A tank with a square base of side x has a capacity of 1000m^3. If the total area is pm^3, show that p=2x^2+4000/x. Hence find the least area of the flat sheet that may be used to build the tank.
Please show workings
#thanks
v = x^2h, so
h = 1000/x^2
a = 2x^2 + 4xh = 2x^2 + 4000/x
da/dx = 4x - 4000/x^2
= 4(x^3-1000)/x^2
so, da/dx = 0 when x=10
a = 2*100 + 4*10*1000/100 = 600
as usual, area is minimum when the shape is a cube.
To solve this problem, let's break it down step-by-step:
1. Find the dimensions of the tank:
Given that the tank has a square base of side x, the volume of the tank is 1000m^3. Since the volume of a cuboid is given by the formula V = L x W x H, where L, W, and H represent the length, width, and height respectively, we can write the equation as:
x^2 * H = 1000
2. Solve for the height:
Solving for H in the equation x^2 * H = 1000, we get:
H = 1000 / x^2
3. Find the total area:
The total area is given by the formula A = 2(LW + LH + WH). Since the base of the tank is a square, we can rewrite the formula as:
A = 2(x^2 + xH + xH)
= 2(x^2 + 2xH)
= 2x^2 + 4xH
4. Substitute the height value:
Plugging in the value of H we found earlier, we get:
A = 2x^2 + 4x(1000 / x^2)
= 2x^2 + 4000 / x
5. Show that p = 2x^2 + 4000 / x:
We are given that the total area is p, so p = A. Therefore, we can conclude that p = 2x^2 + 4000 / x.
6. Find the least area of the flat sheet:
To find the least area that can be used to build the tank, we need to minimize the value of p.

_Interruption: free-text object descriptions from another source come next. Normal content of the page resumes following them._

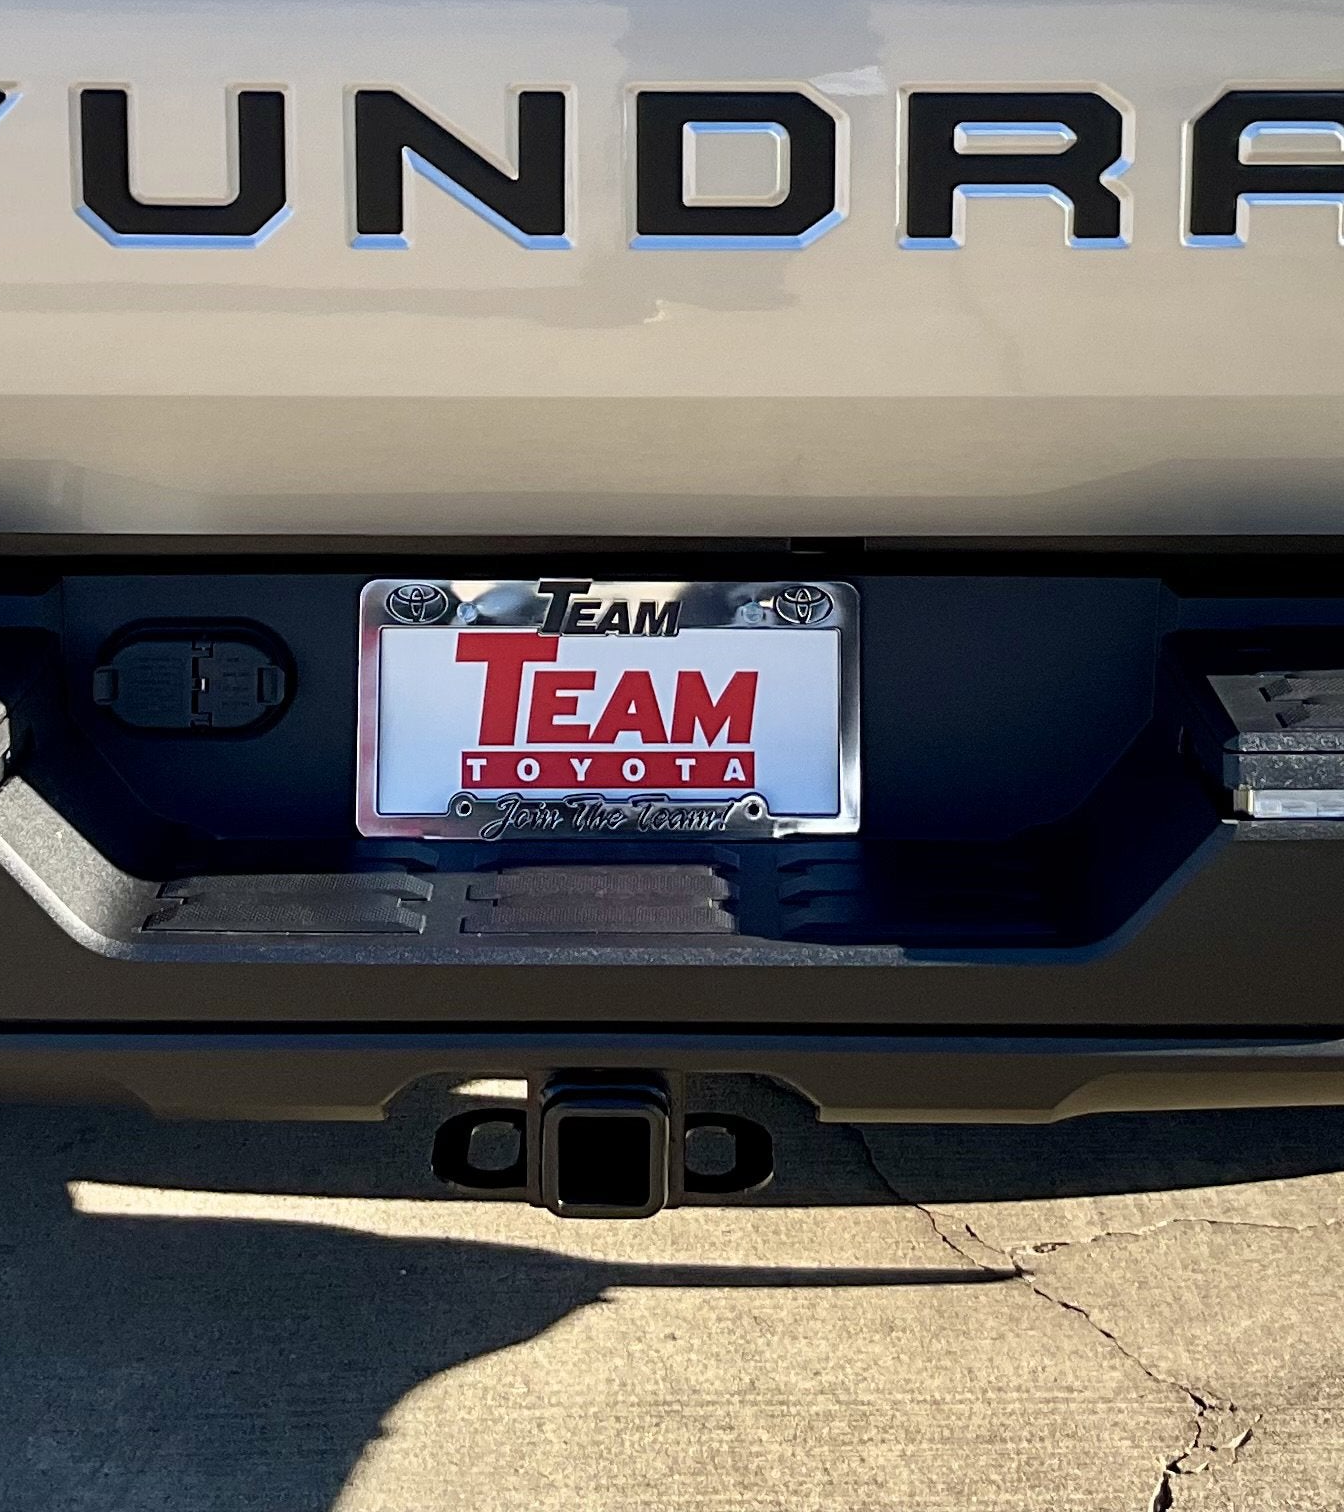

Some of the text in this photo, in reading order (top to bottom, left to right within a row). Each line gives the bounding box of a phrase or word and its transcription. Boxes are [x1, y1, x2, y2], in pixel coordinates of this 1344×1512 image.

[536, 578, 681, 638] TEAM
[456, 632, 758, 748] TEAM
[466, 756, 747, 783] TOYOTA
[479, 793, 736, 840] Join The Team!
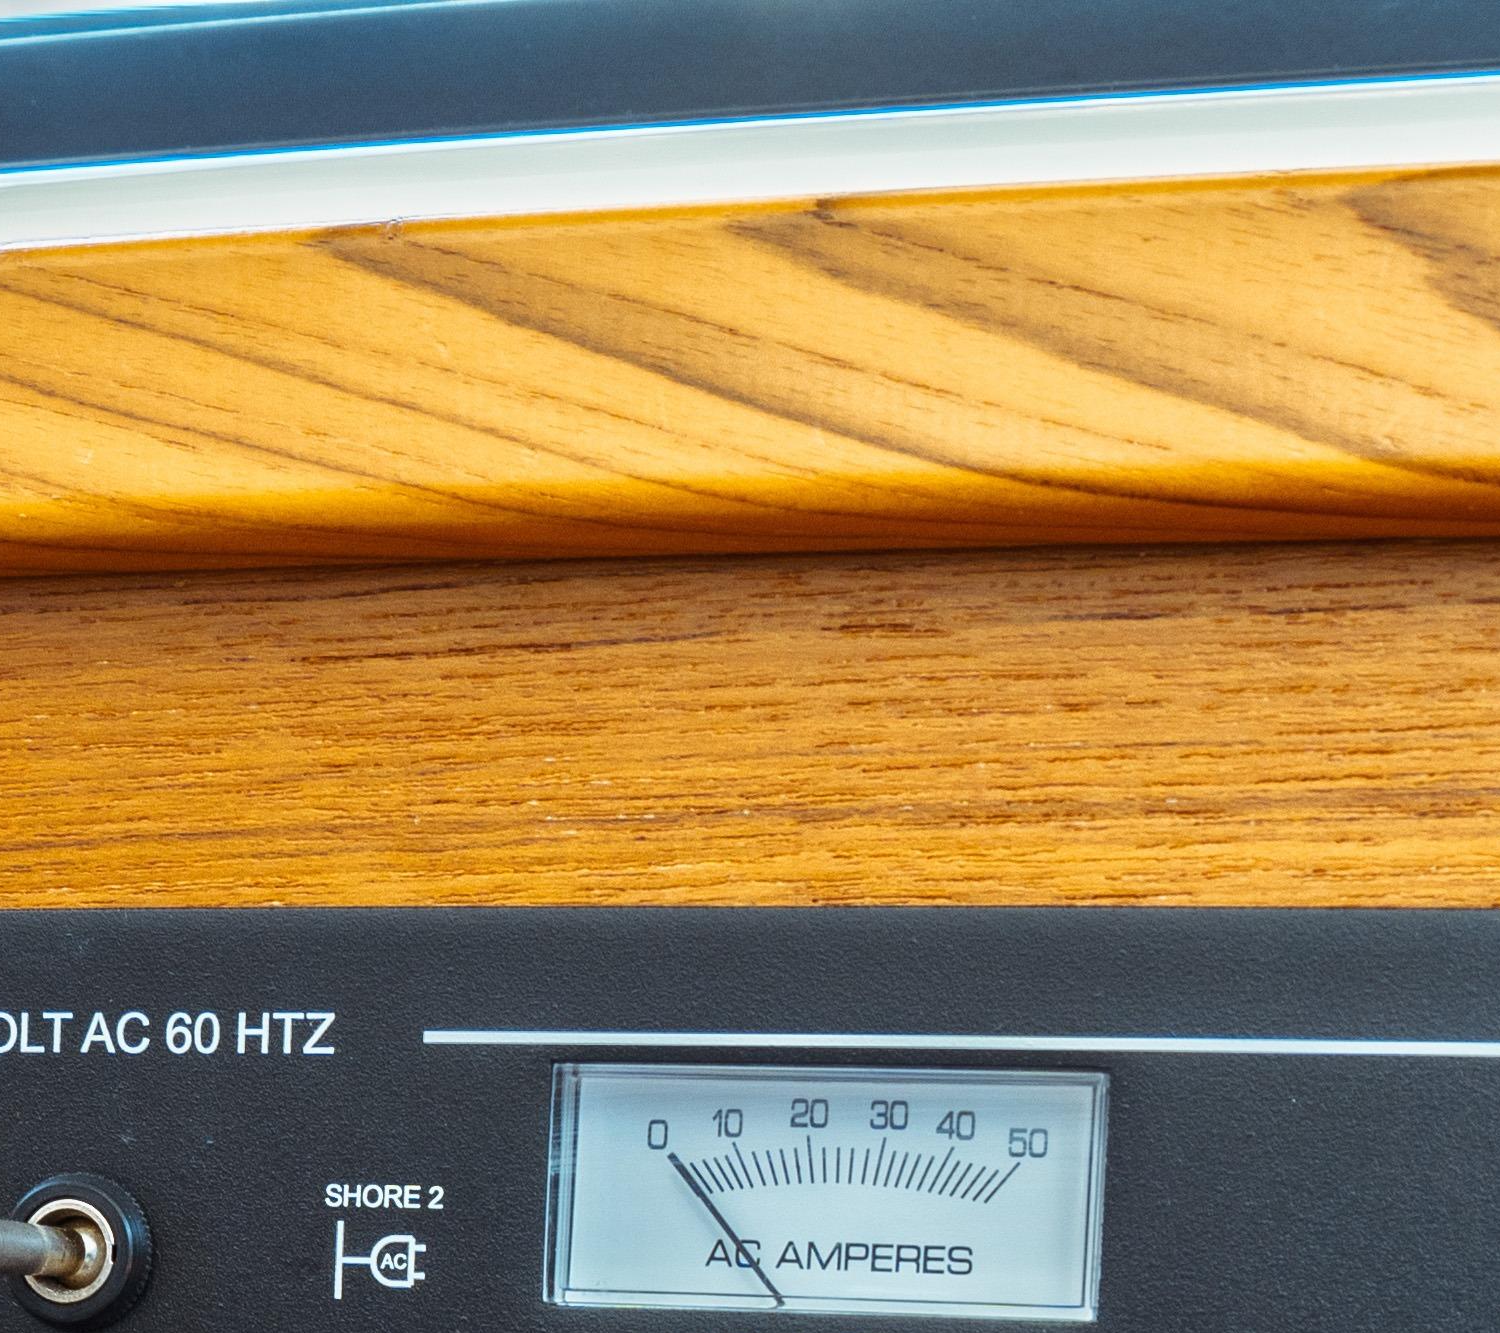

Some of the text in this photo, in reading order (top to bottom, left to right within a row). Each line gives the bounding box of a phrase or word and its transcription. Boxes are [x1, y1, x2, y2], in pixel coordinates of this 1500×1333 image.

[80, 1011, 151, 1054] AC
[165, 1011, 221, 1055] 60
[236, 1011, 336, 1055] HTZ
[712, 1108, 744, 1138] 10
[789, 1097, 830, 1129] 20
[869, 1099, 909, 1131] 30
[935, 1109, 977, 1141] 40
[647, 1118, 669, 1150] 0
[1008, 1127, 1049, 1159] 50
[324, 1183, 445, 1210] SHORE 2
[381, 1252, 407, 1270] AC
[705, 1240, 973, 1275] AC AMPERES
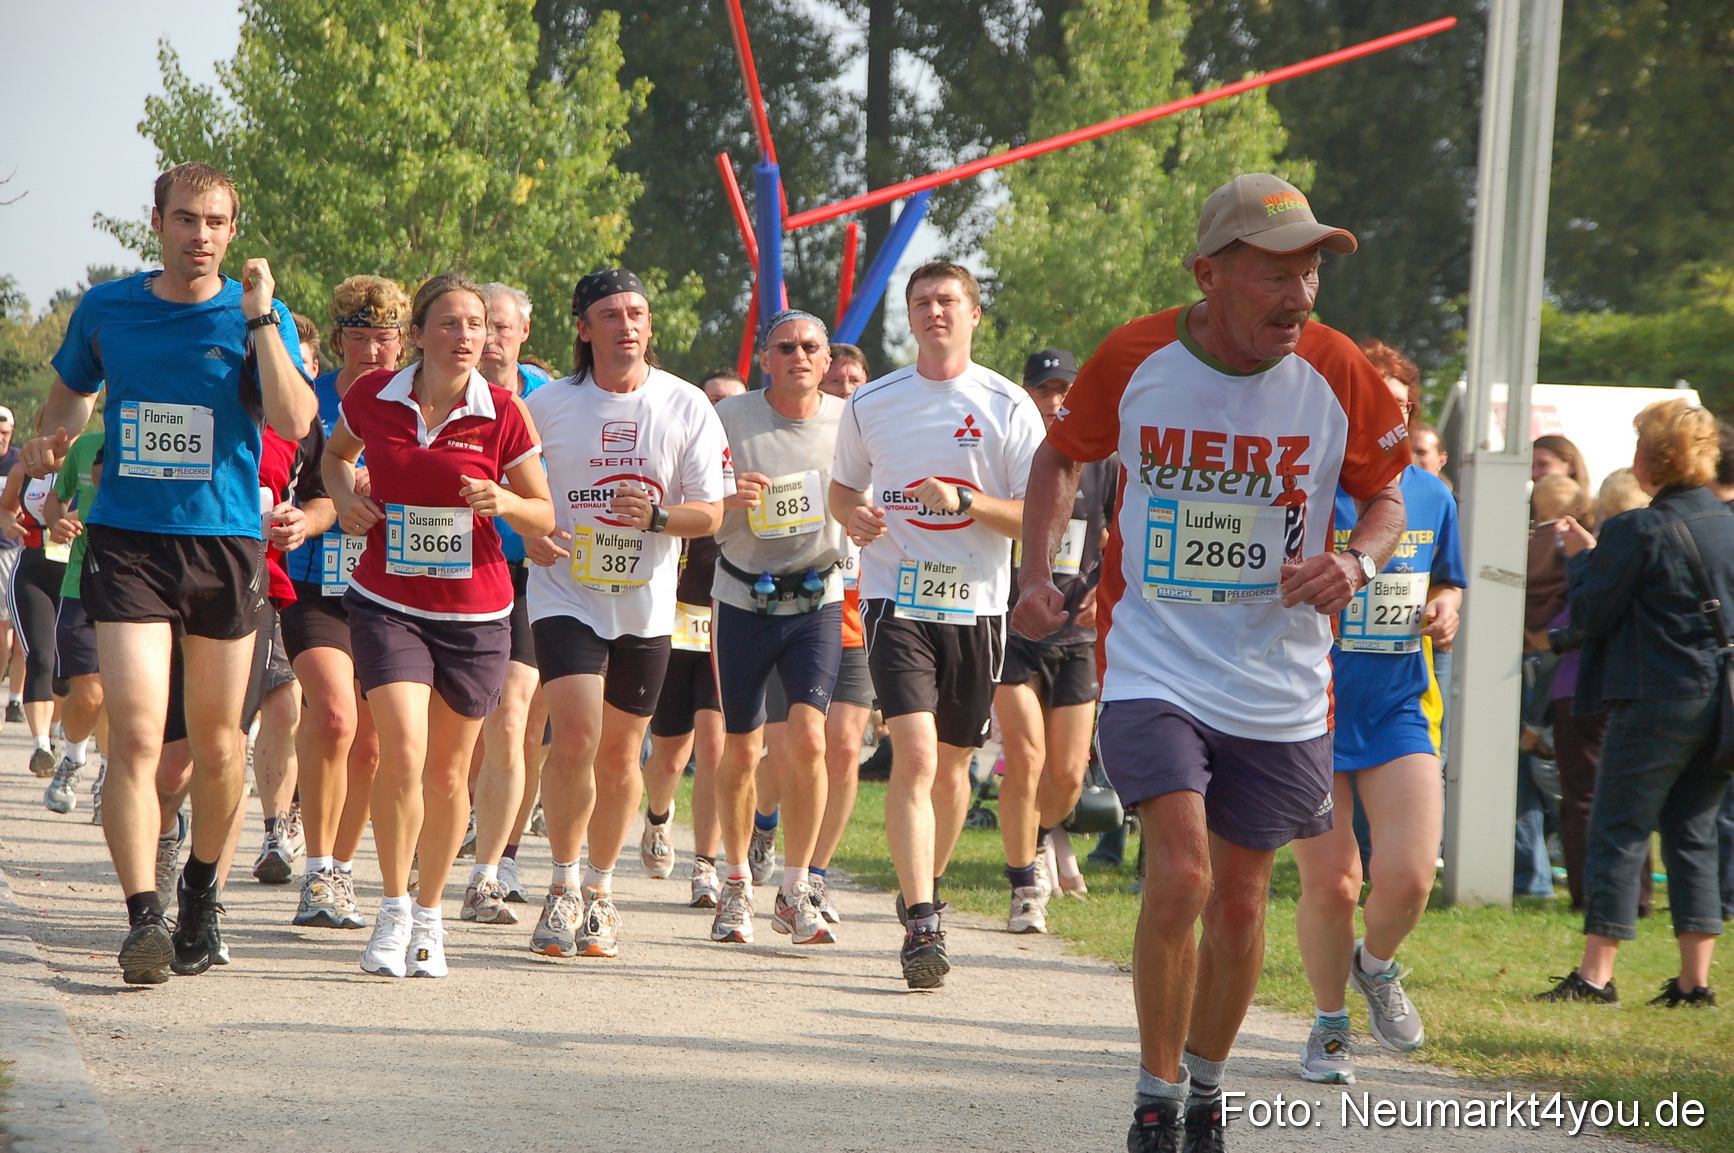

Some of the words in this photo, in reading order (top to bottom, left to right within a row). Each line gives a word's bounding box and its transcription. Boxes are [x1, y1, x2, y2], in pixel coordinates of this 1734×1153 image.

[144, 408, 184, 425] Florian
[125, 428, 131, 439] B
[145, 431, 202, 453] 3665
[1140, 425, 1311, 476] MERZ
[589, 457, 648, 467] SEAT
[1139, 451, 1273, 498] Reisen
[776, 496, 810, 517] 883
[409, 512, 454, 527] Susanne
[1185, 509, 1242, 534] Ludwig
[391, 529, 397, 539] B
[410, 533, 462, 552] 3666
[595, 532, 643, 551] Wolfgang
[1155, 534, 1163, 548] D
[346, 538, 363, 550] Eva
[1184, 539, 1267, 570] 2869
[601, 553, 640, 574] 387
[924, 560, 957, 574] Walter
[904, 575, 910, 586] C
[1374, 580, 1411, 597] Bärbel
[922, 579, 970, 600] 2416
[1227, 588, 1277, 598] PFLEIDERER
[1352, 602, 1358, 614] D
[1374, 604, 1422, 626] 2275
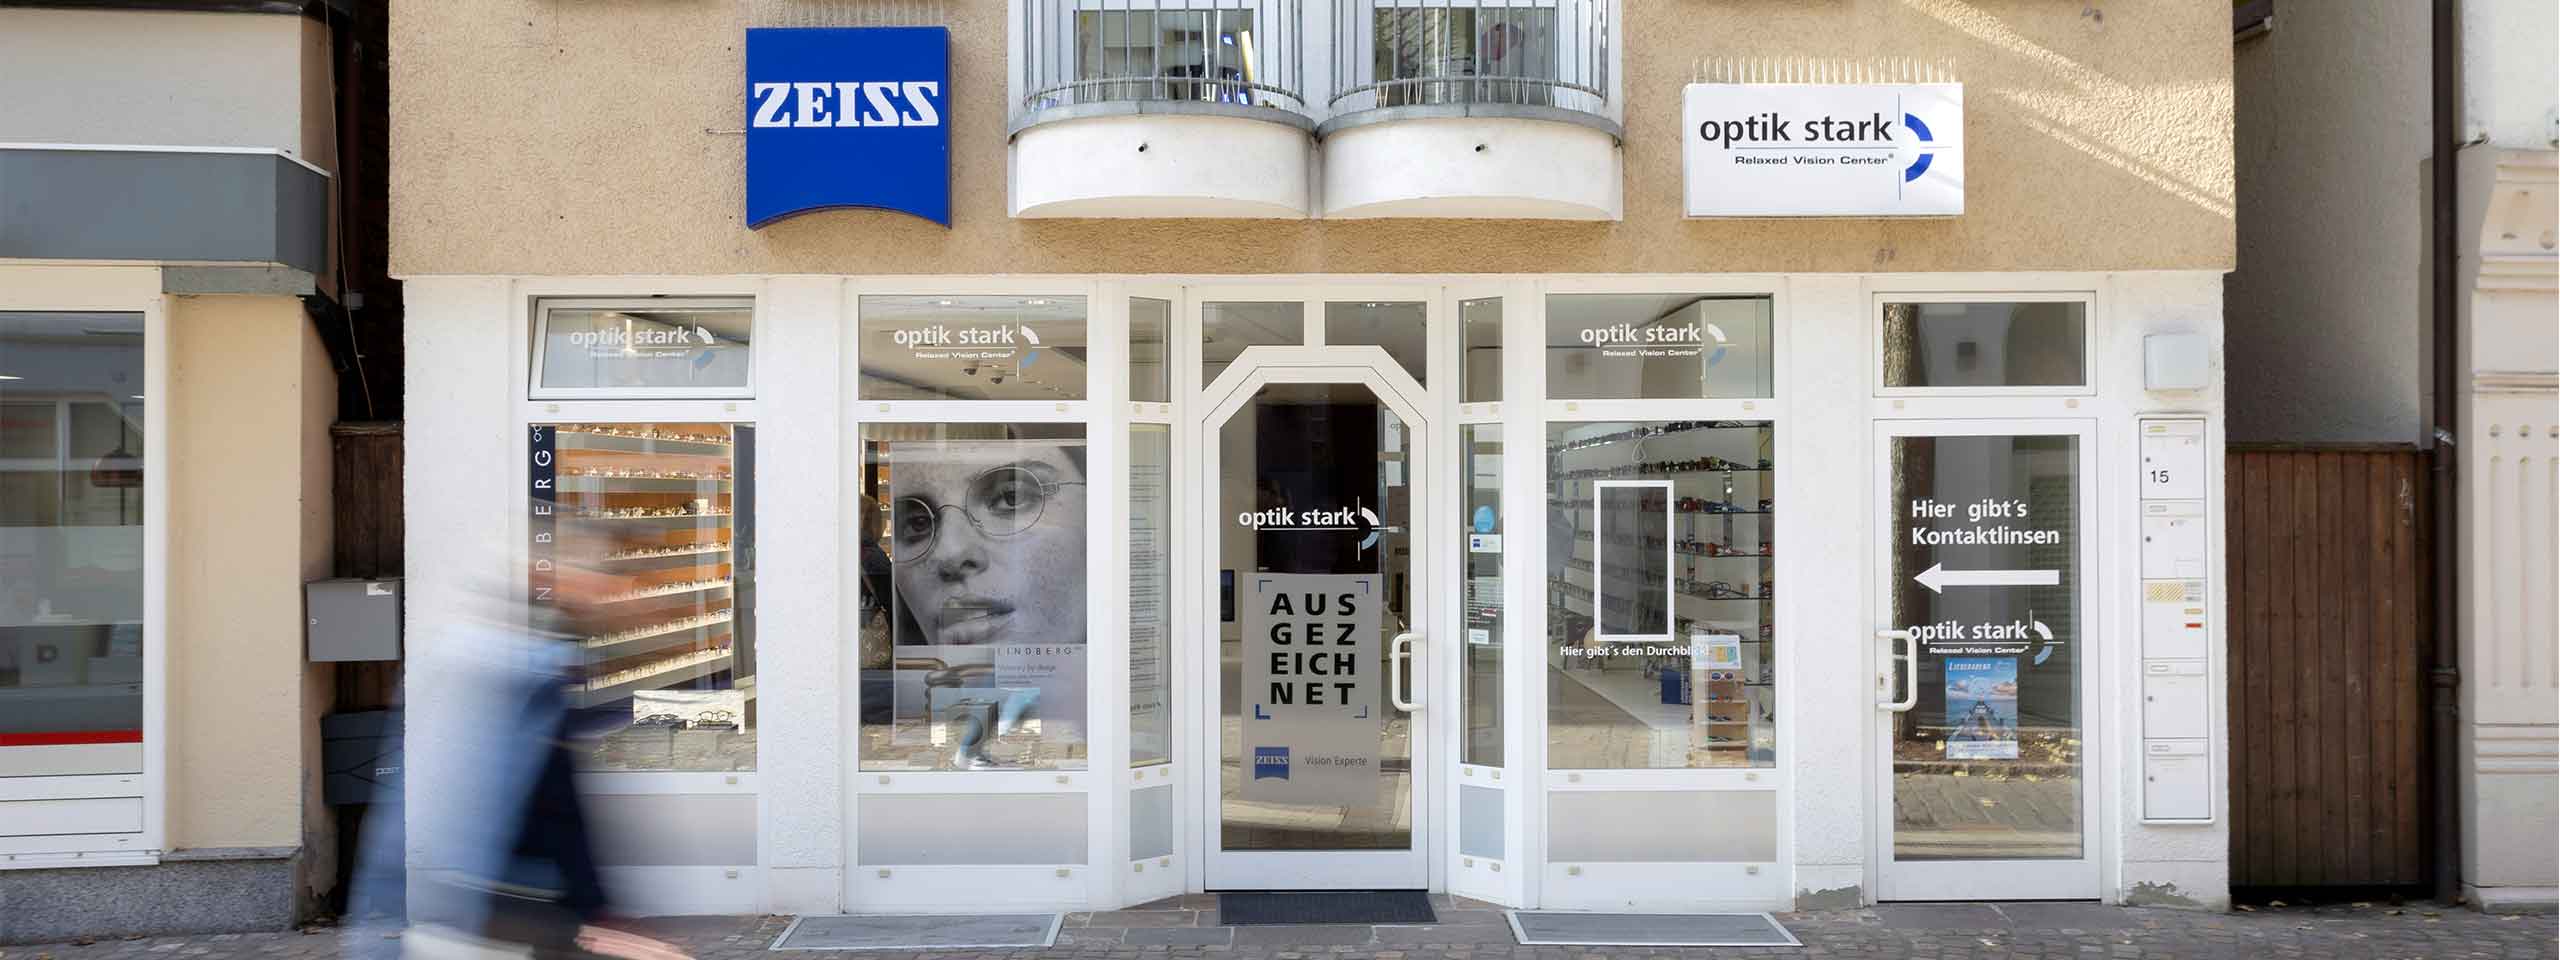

To do this, we can find the derivative of p with respect to x and set it equal to zero:
dp/dx = 4x - 4000 / x^2 = 0
Solving this equation, we get:
4x = 4000 / x^2
4x^3 = 4000
x^3 = 1000
x = ∛1000
x = 10
Now that we know the value of x, we can substitute it back into the equation for p:
p = 2x^2 + 4000 / x
= 2(10)^2 + 4000 / 10
= 200 + 400
= 600
Therefore, the least area of the flat sheet that may be used to build the tank is 600m^2.
To solve this problem, we need to use the given information about the tank's capacity and total surface area.
Let's start by finding the volume of the tank. The volume of a rectangular prism (such as this tank) is obtained by multiplying the length, width, and height. Since the base of the tank is square, the length and width are both equal to x, and the height is also x.
Therefore, the volume of the tank is:
Volume = length × width × height = x × x × x = x^3
Given that the capacity of the tank is 1000 m^3, we can set up the following equation:
x^3 = 1000
Now, let's find the total surface area of the tank. The total surface area of a rectangular prism is obtained by adding the areas of all its six faces. In this case, we have four identical square faces (each with an area of x^2) and two identical rectangular faces (each with an area of x × x, which simplifies to x^2).
Therefore, the total surface area of the tank is:
Surface Area = 4 × (area of square face) + 2 × (area of rectangular face)
Surface Area = 4x^2 + 2x^2
Surface Area = 6x^2
Given that the total surface area is p m^2, we can set up the following equation:
6x^2 = p
Now, we have two equations:
x^3 = 1000 (equation 1)
6x^2 = p (equation 2)
To find p in terms of x, we can rearrange equation 2:
p = 6x^2
Now, substitute equation 1 into equation 2:
p = 6(1000/x)^2
p = 6000/x^2
Finally, simplify p in terms of x:
p = 2x^2 + 4000/x
To find the least area of the flat sheet needed to build the tank, we need to find the minimum value of p. To do that, we can differentiate the equation with respect to x, set it equal to zero, and solve for x:
dp/dx = 4x - 4000/x^2 = 0
4x = 4000/x^2
4x^3 = 4000
Now, solve for x:
x^3 = 1000
x = ∛1000
x = 10
Substitute x = 10 into the equation for p:
p = 2(10)^2 + 4000/10
p = 200 + 400
p = 600
Therefore, the least area of the flat sheet needed to build the tank is 600 m^2.